Cela fait donc maintenant deux semaines que nous allons travailler dans un endroit autre que la salle de classe ou la maison. Dès le début, nous avons été mises à l’aise, ce qui a été pour nous un soulagement et un poids en moins. Camille, notre tutrice, est directrice artistique et a co-créé Habile, avec son mari chef-cuisinier, Éric. L’environnement dans lequel nous sommes est chaleureux, familial et propice au dialogue. Les choses sont d’autant plus faciles et agréables puisque ce qui nous est demandé de réaliser est dans la lignée de nos références artistiques. 

Le plus important dans notre travail c’est la communication : aussi bien visuelle que verbale. Avec Laure, nous avons l’habitude de travailler ensemble, se conseiller et rebondir sur les expérimentations de chacune. On s’apporte mutuellement en nous nous nourrissant de nos échanges. Par ailleurs, Camille est à l’écoute sur les idées qu’on lui propose. Elle est ouverte au dialogue et bienveillante dans ces propos. Ce contexte favorable au partage nous permet donc de prendre confiance en nous et aussi d’être force de proposition. Le stage nous incite aussi à présenter nos idées à des personnes extérieurs au design graphique, qui n’y connaissent rien. C’est un bon exercice puisque ce que l’on crée derrière nos ordinateurs, ce n’est pas pour nous mais destiné aux autres. Aussi, il faut réussir à prendre de la distance sur notre travail.
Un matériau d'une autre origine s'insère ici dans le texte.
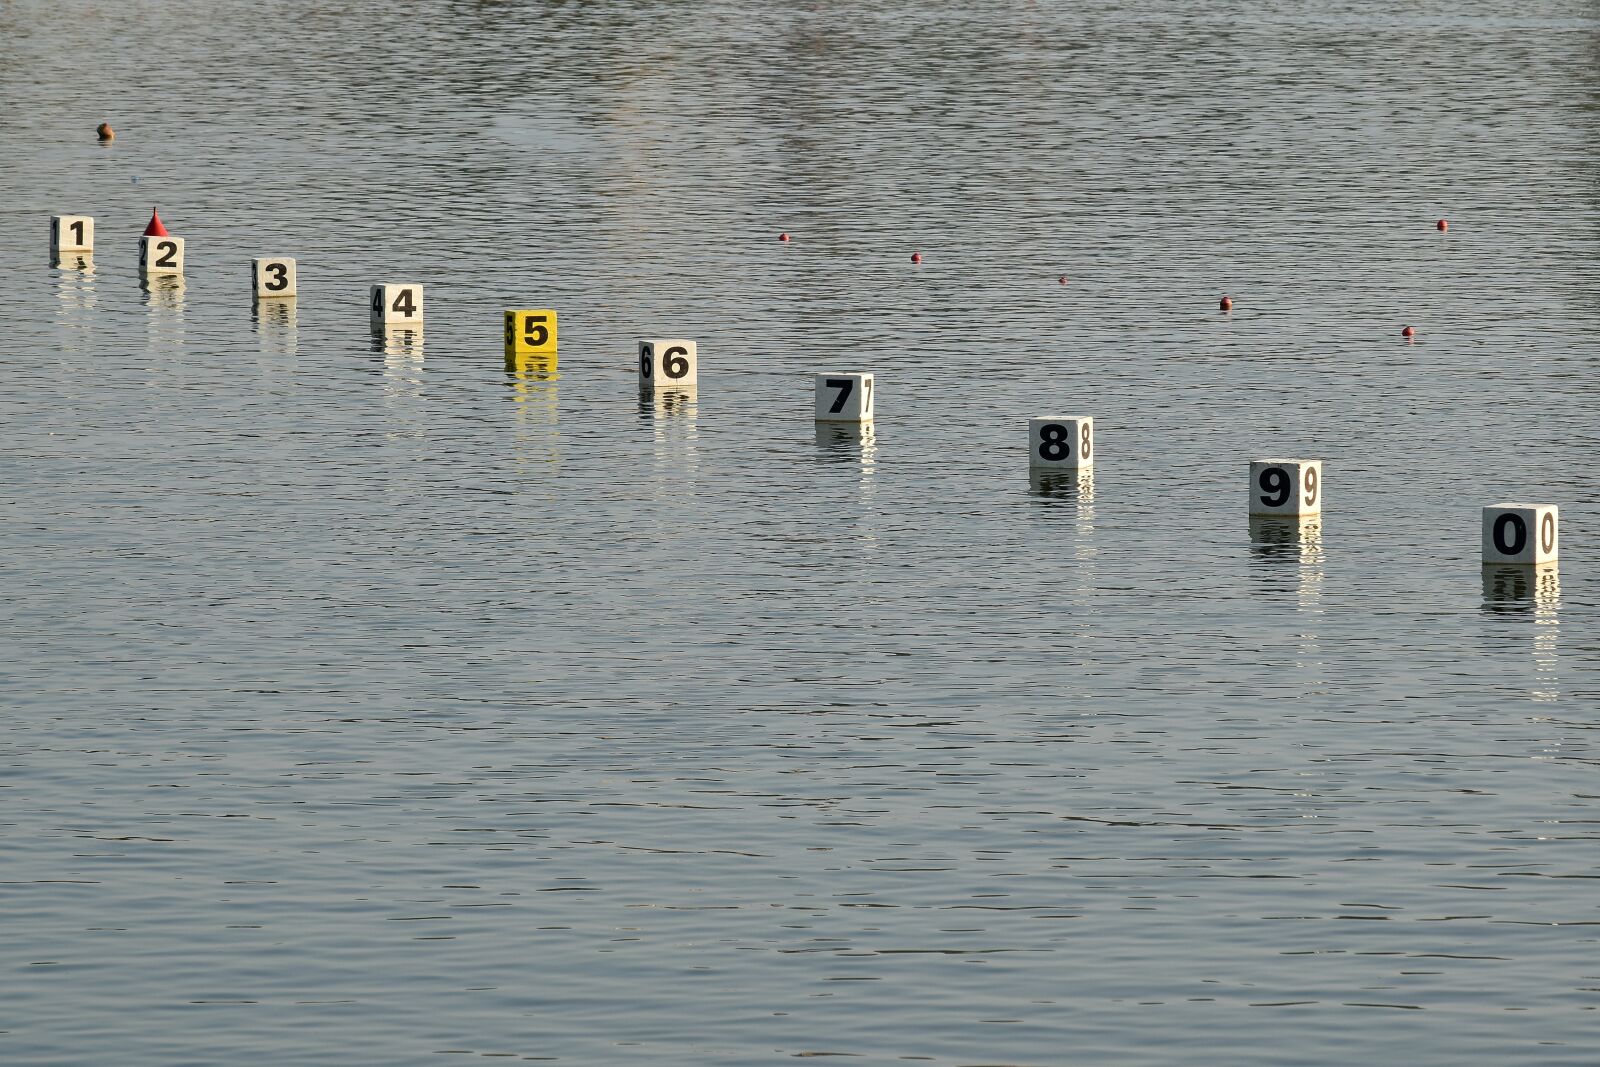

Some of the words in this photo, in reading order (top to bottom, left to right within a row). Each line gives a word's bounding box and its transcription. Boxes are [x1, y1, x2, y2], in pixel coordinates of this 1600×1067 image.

[70, 220, 84, 246] 1
[140, 240, 147, 266] 2
[155, 241, 178, 268] 2
[264, 263, 289, 291] 3
[372, 288, 384, 318] 4
[392, 289, 417, 318] 4
[506, 315, 513, 346] 5
[524, 315, 549, 346] 5
[641, 346, 651, 379] 6
[662, 346, 689, 379] 6
[826, 379, 854, 413] 7
[864, 379, 872, 413] 7
[1038, 423, 1070, 461] 8
[1081, 422, 1090, 460] 8
[1259, 467, 1291, 507] 9
[1304, 466, 1318, 507] 9
[1492, 512, 1527, 556] 0
[1541, 511, 1554, 555] 0
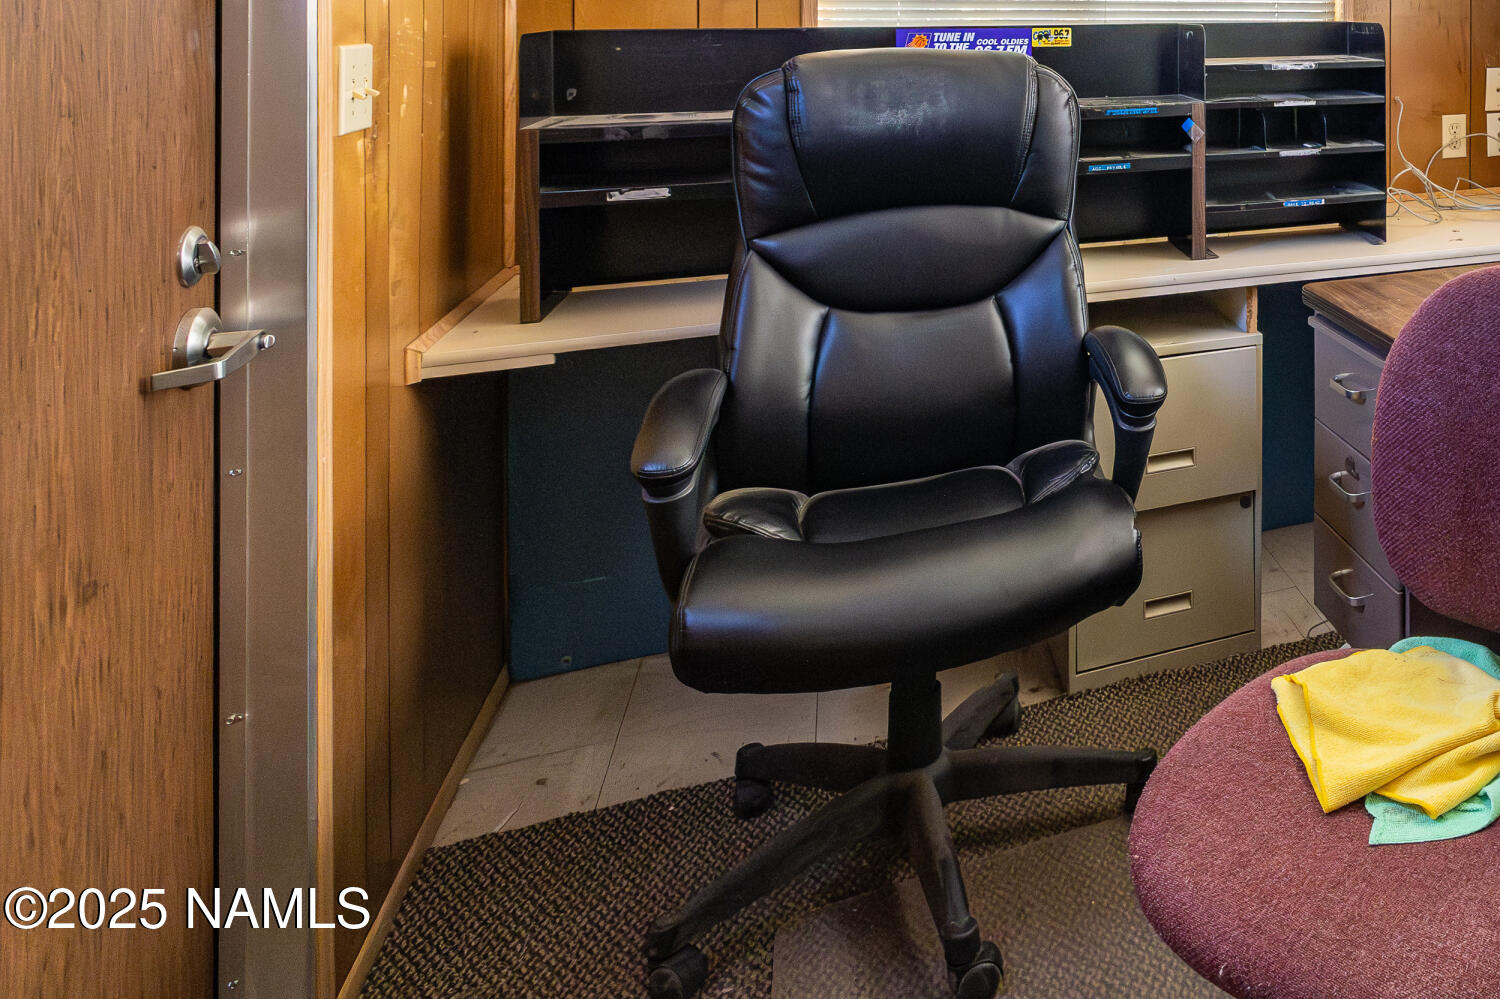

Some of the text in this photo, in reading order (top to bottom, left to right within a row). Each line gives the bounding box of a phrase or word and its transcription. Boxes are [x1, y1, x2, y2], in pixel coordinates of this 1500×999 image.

[933, 32, 976, 42] TUNE IN
[934, 42, 948, 50] TO
[950, 42, 970, 50] THE
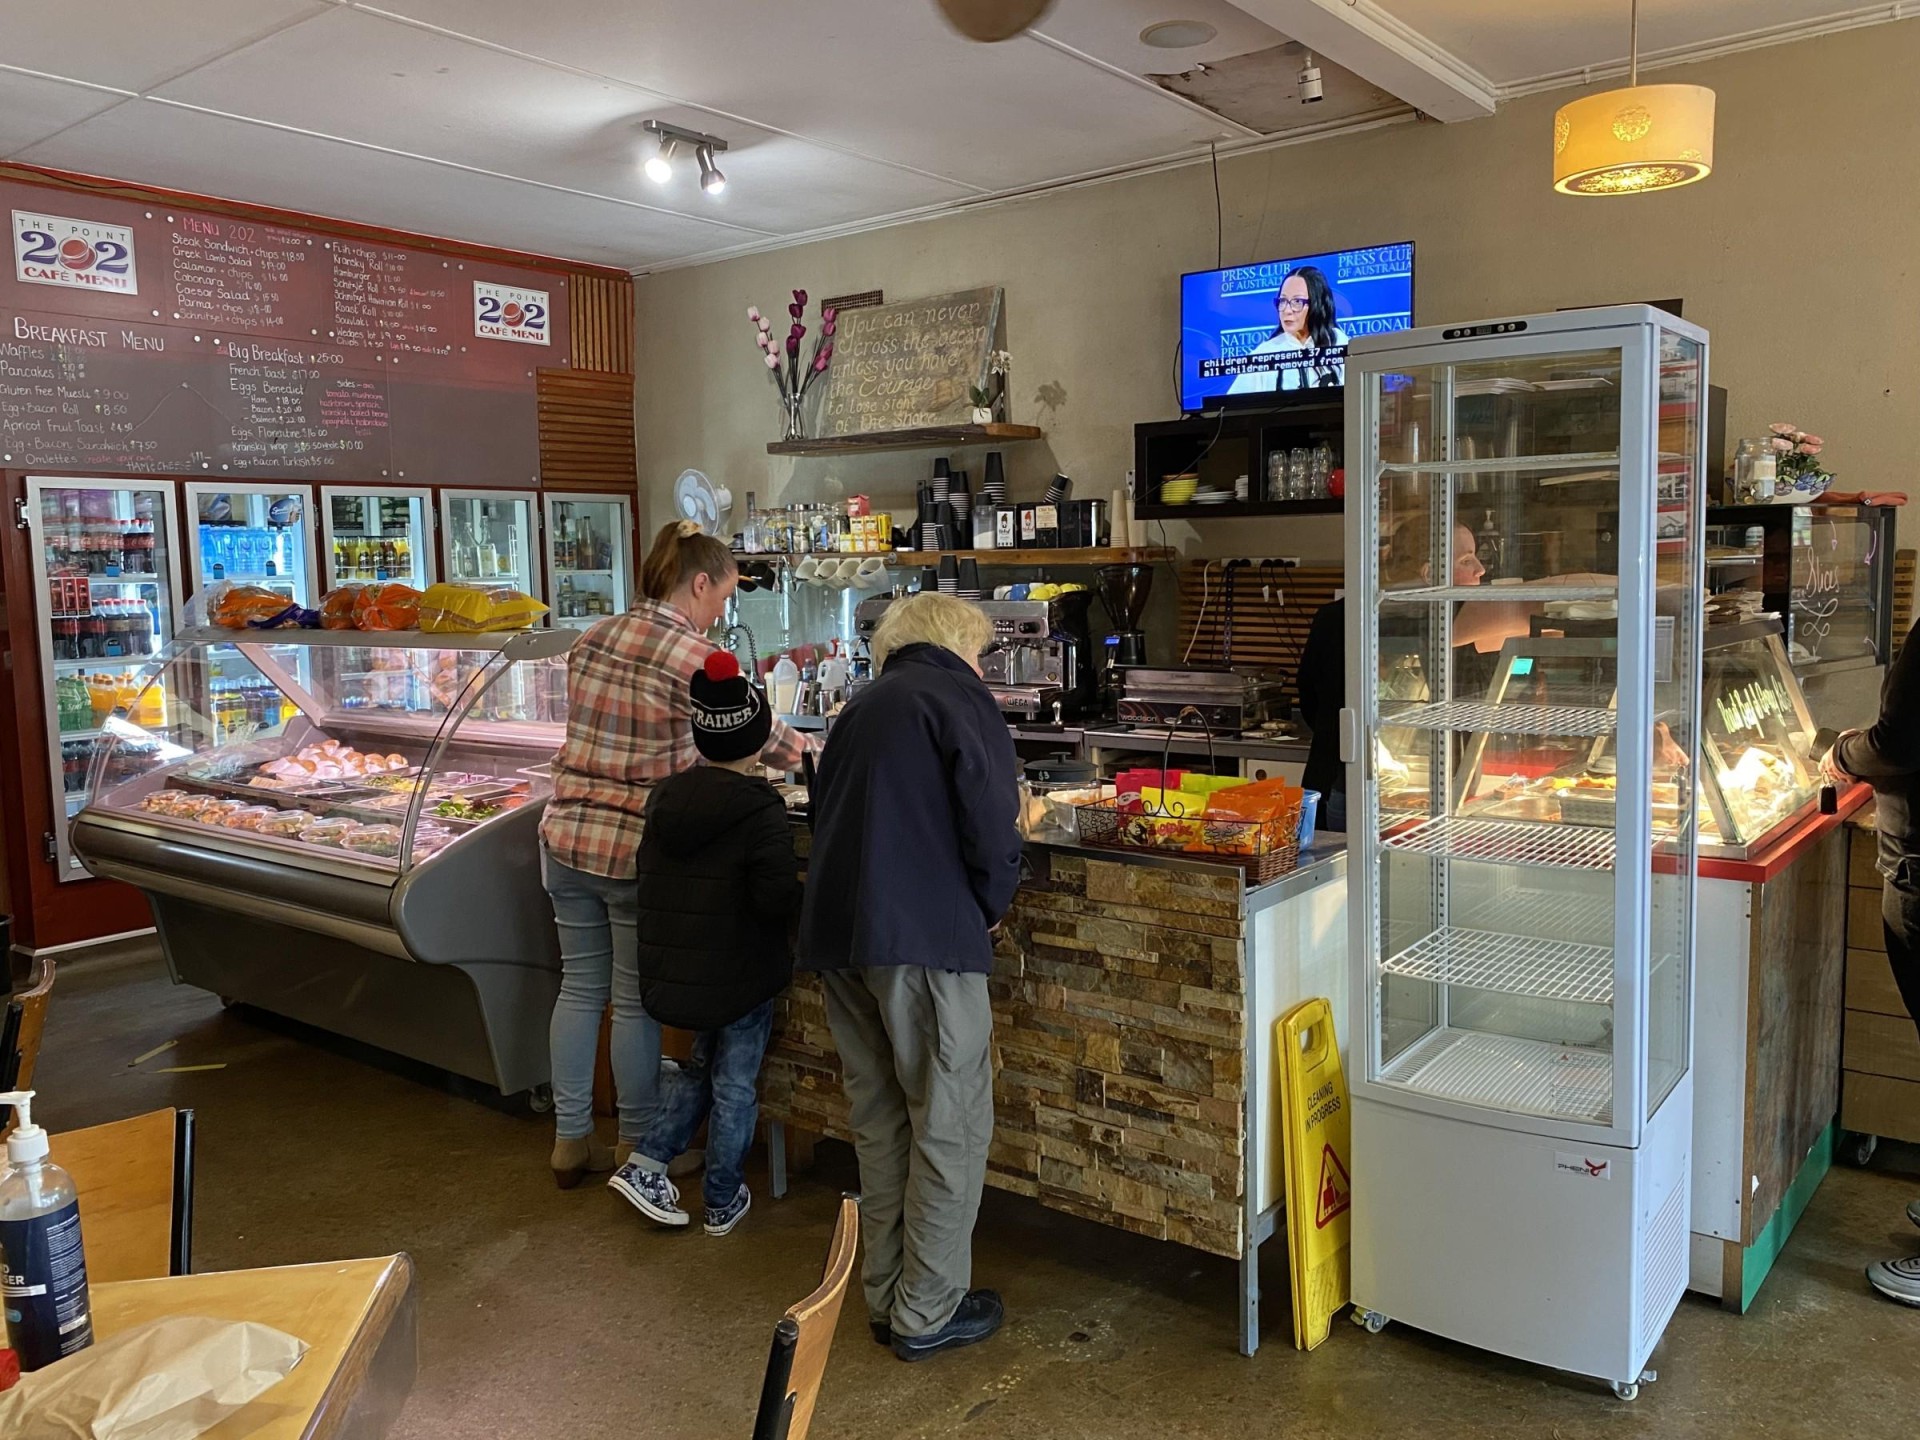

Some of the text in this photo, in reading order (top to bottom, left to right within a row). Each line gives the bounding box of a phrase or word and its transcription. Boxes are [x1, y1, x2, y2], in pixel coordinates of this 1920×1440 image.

Puis, pendant une semaine, Laure a été en télétravail. J’étais donc seule à travailler en présentiel sur les taches qui nous ont été confiées. La différence c’est de suite ressentie : manque de productivité, ralentissement et procrastination. Les discussions par écran interposé rendent l’avancée du travail beaucoup plus difficile, voir même la ralentisse. Il n’y a plus cette instantanéité de l’échange. L’ordinateur devient une barrière alors qu’en temps normal il est un allié dans notre travail. De plus, j’avais du mal à rester concentrée sur une seule tache, il fallait échanger continuellement avec Laure sur nos avancées. Malgré tout, cette expérience nous a permis d’acquérir davantage d’autonomie.